Anita Mathias, M Menning, L Wiser, X Wei, A Dave, S Chuck and BP Kearney
Emtricitabine/rilpivirine/tenofovir disoproxil fumarate (FTC/RPV/TDF) is a next-generation, once-daily
complete antiretroviral single-tablet regimen for the treatment of HIV-1 infection in adults. This study evaluated the pharmacokinetics and bioequivalence of 2 distinct investigational coformulations of the FTC/RPV/TDF single-tablet regimen (containing emtricitabine 200 mg, rilpivirine 25 mg, and tenofovir disoproxil fumarate 300 mg) compared with the concurrent administration of a 200-mg strength capsule of FTC, a 25-mg strength tablet of RPV, and a 300-mg strength tablet of tenofovir disoproxil fumarate in healthy subjects. Thirty-six subjects were randomized in a single-dose, open-label, 3-way crossover study design; 34 subjects completed all study treatments.

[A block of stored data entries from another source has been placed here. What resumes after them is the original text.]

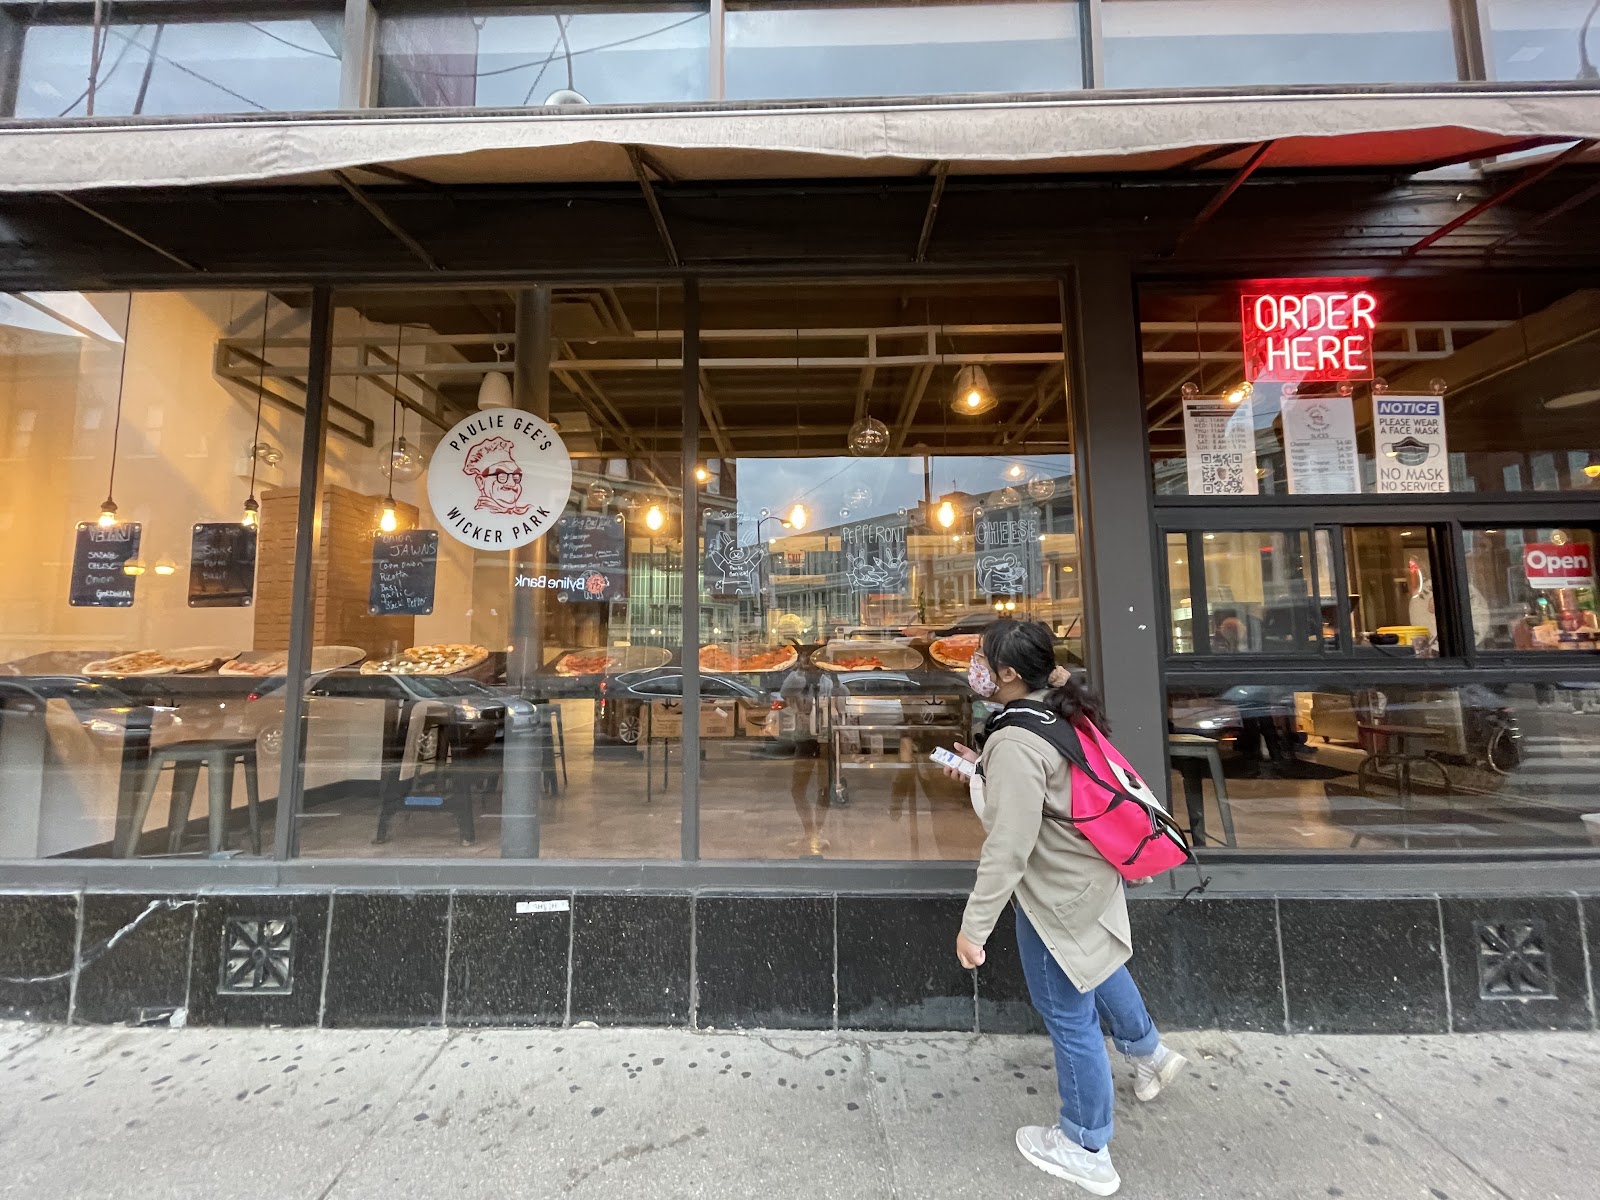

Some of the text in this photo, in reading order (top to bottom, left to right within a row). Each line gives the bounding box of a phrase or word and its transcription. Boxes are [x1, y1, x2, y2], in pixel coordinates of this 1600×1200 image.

[1254, 293, 1377, 332] ORDER
[1266, 335, 1368, 371] HERE
[1380, 402, 1437, 414] NOTICE
[1379, 418, 1439, 427] PLEASE WEAR
[1414, 427, 1439, 435] MASK
[450, 415, 552, 451] PAULIE GEE'S
[1380, 468, 1444, 481] NO MASK
[1381, 482, 1445, 492] NO SERVICE
[88, 524, 132, 543] VEGAN
[447, 505, 551, 543] WICKER PARK
[975, 519, 1038, 545] CHEESE
[842, 524, 907, 545] PEPPERONI
[390, 543, 437, 557] JAWNS
[1526, 550, 1589, 574] Open
[379, 570, 409, 581] Ricotta
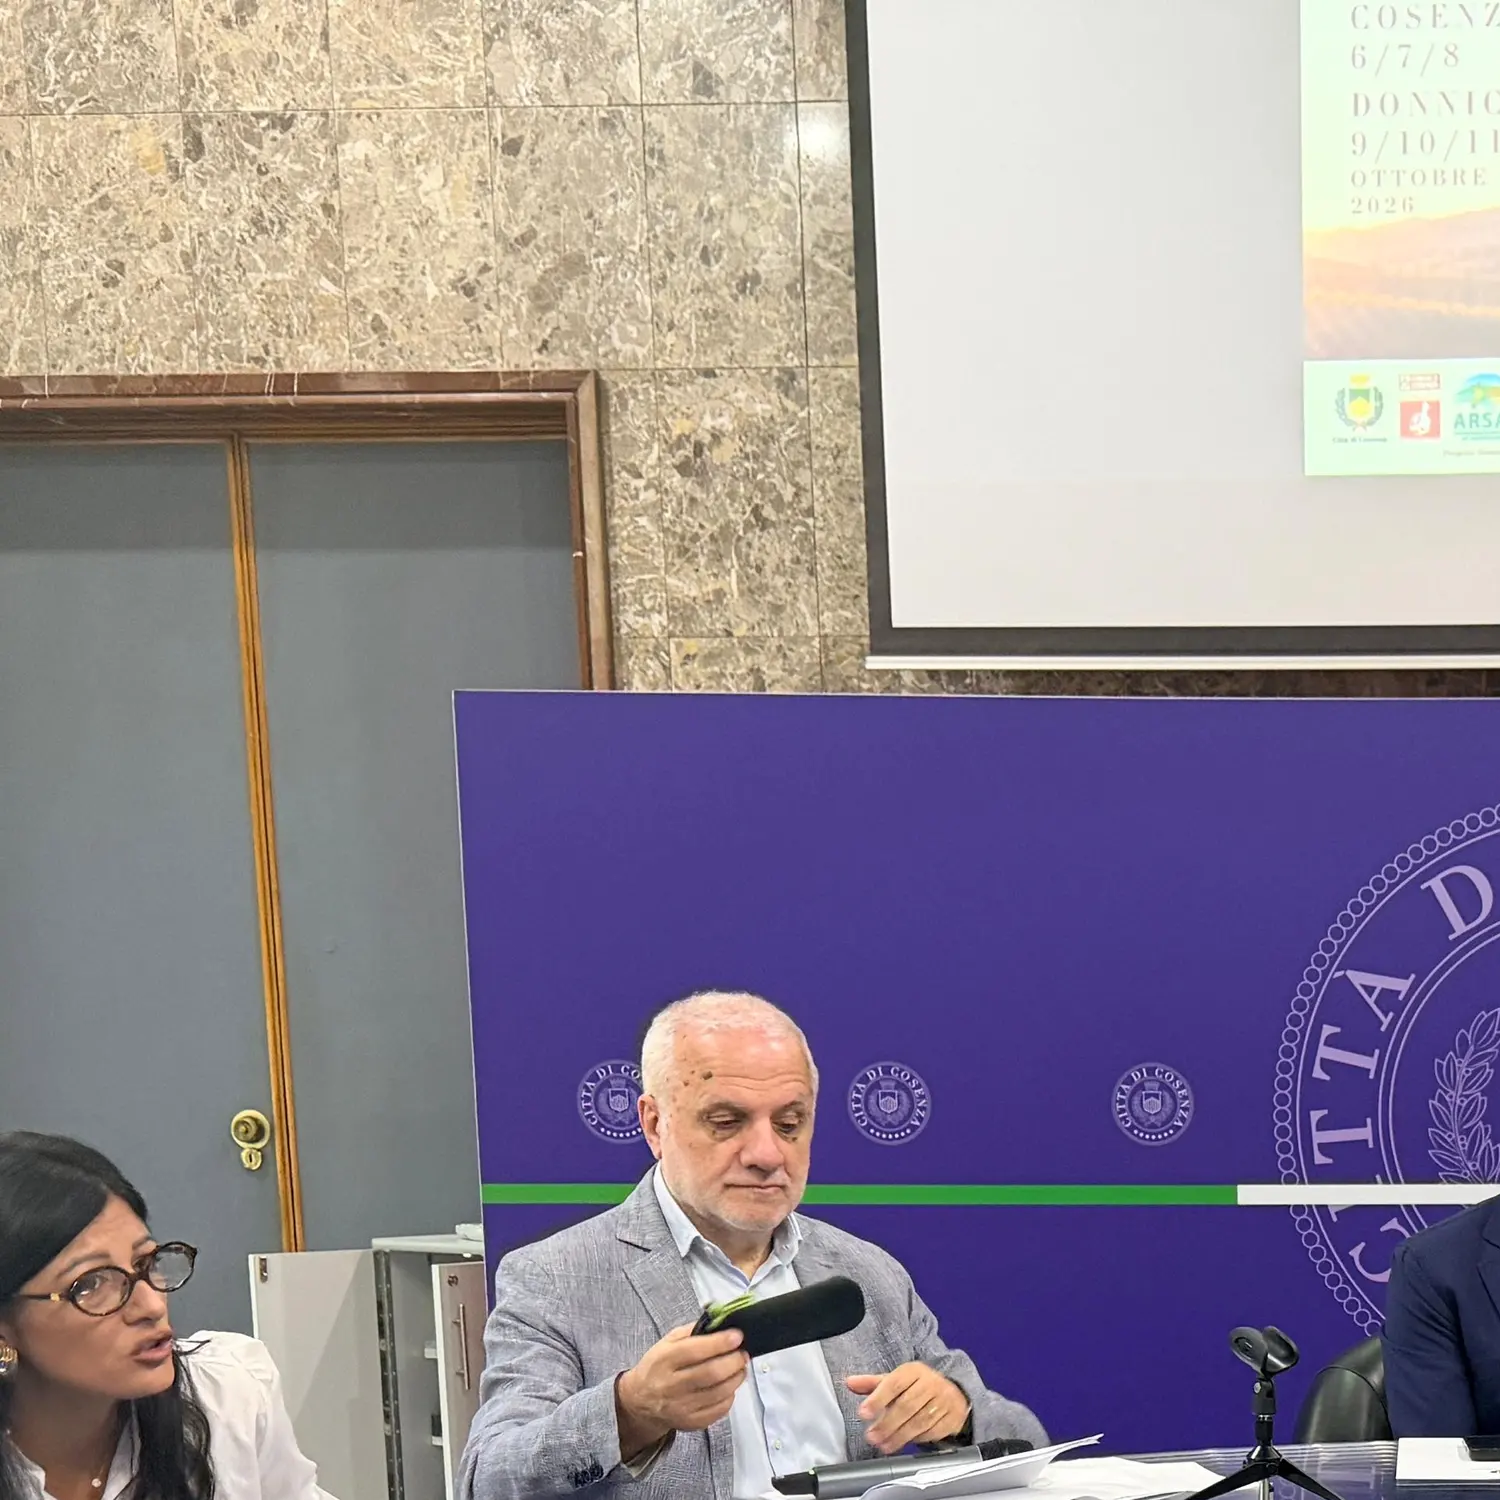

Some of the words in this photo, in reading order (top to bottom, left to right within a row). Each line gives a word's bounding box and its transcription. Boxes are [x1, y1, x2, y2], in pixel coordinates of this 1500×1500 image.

[1351, 42, 1460, 77] 6/7/8
[1350, 167, 1489, 188] OTTOBRE
[1350, 195, 1415, 214] 2026
[596, 1065, 613, 1079] DI
[866, 1066, 883, 1080] DI
[890, 1066, 928, 1126] COSENZA
[1131, 1067, 1148, 1081] DI
[1155, 1067, 1190, 1127] COSENZA
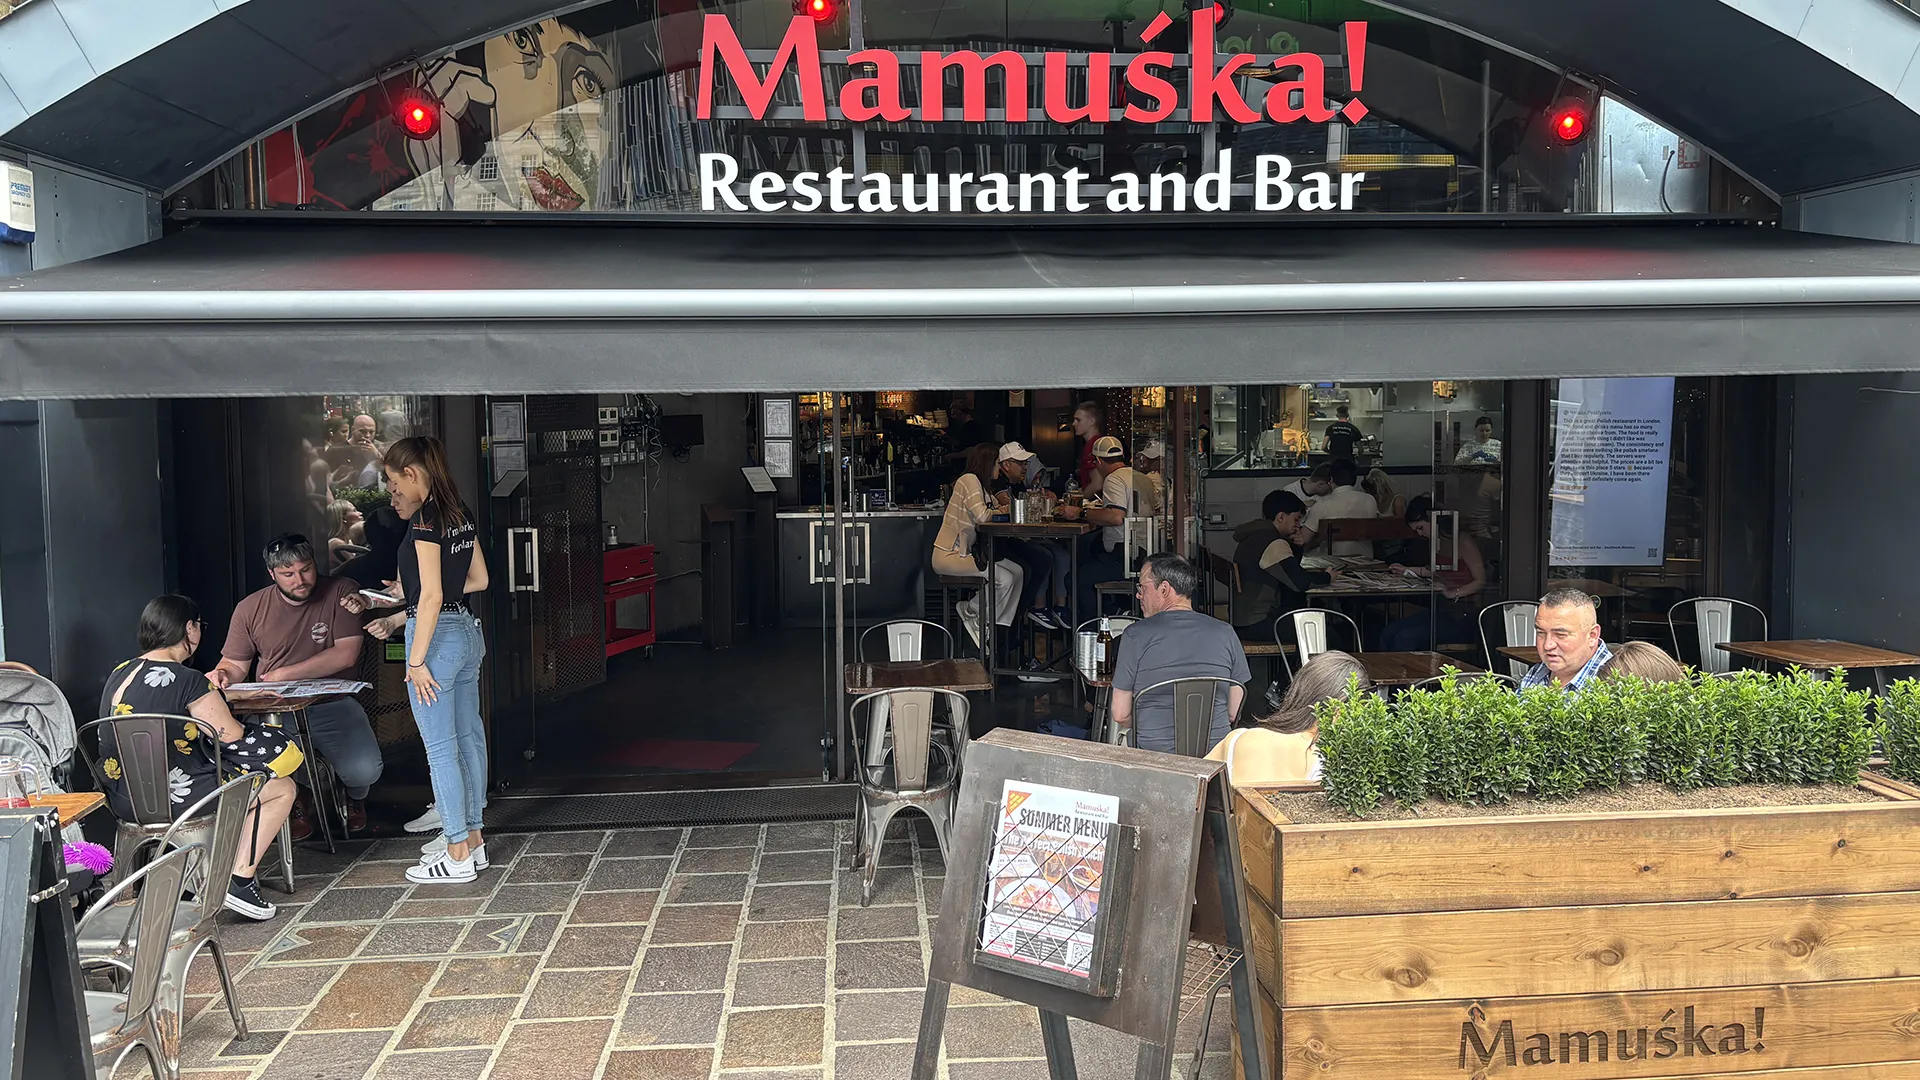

Serial blood samples were obtained over 192 hours following oral administration of each treatment and pharmacokinetic parameters calculated. Formulation bioequivalence was assessed by 90% confidence intervals (CI) for the ratio of geometric least square means (GMR) for Cmax, AUClast and AUCinf for each drug of the FTC/RPV/TDF single-tablet regimen versus the individual components. Emtricitabine, rilpivirine, and tenofovir disoproxil fumarate administered under fed conditions (standardized meal of ~400 kcal) as individual drugs given concurrently or as a fixedâdose combination tablet were generally well tolerated. Of the 2 single-tablet formulations that were tested, a single coformulation (Test Formulation 1) demonstrated bioequivalence to the reference formulation, with 90% confidence intervals for the ratio of the geometric least-squares means contained within the bounds of 80% to 125% for the AUCinf, AUC0−last, and Cmax values of emtricitabine, rilpivirine, and tenofovir, and was carried forward as the commercial formulation. This tablet is a next-generation, once-daily single-tablet antiretroviral regimen for the treatment of HIV-1
infection and offers an attractive treatment option to efavirenz-containing regimens.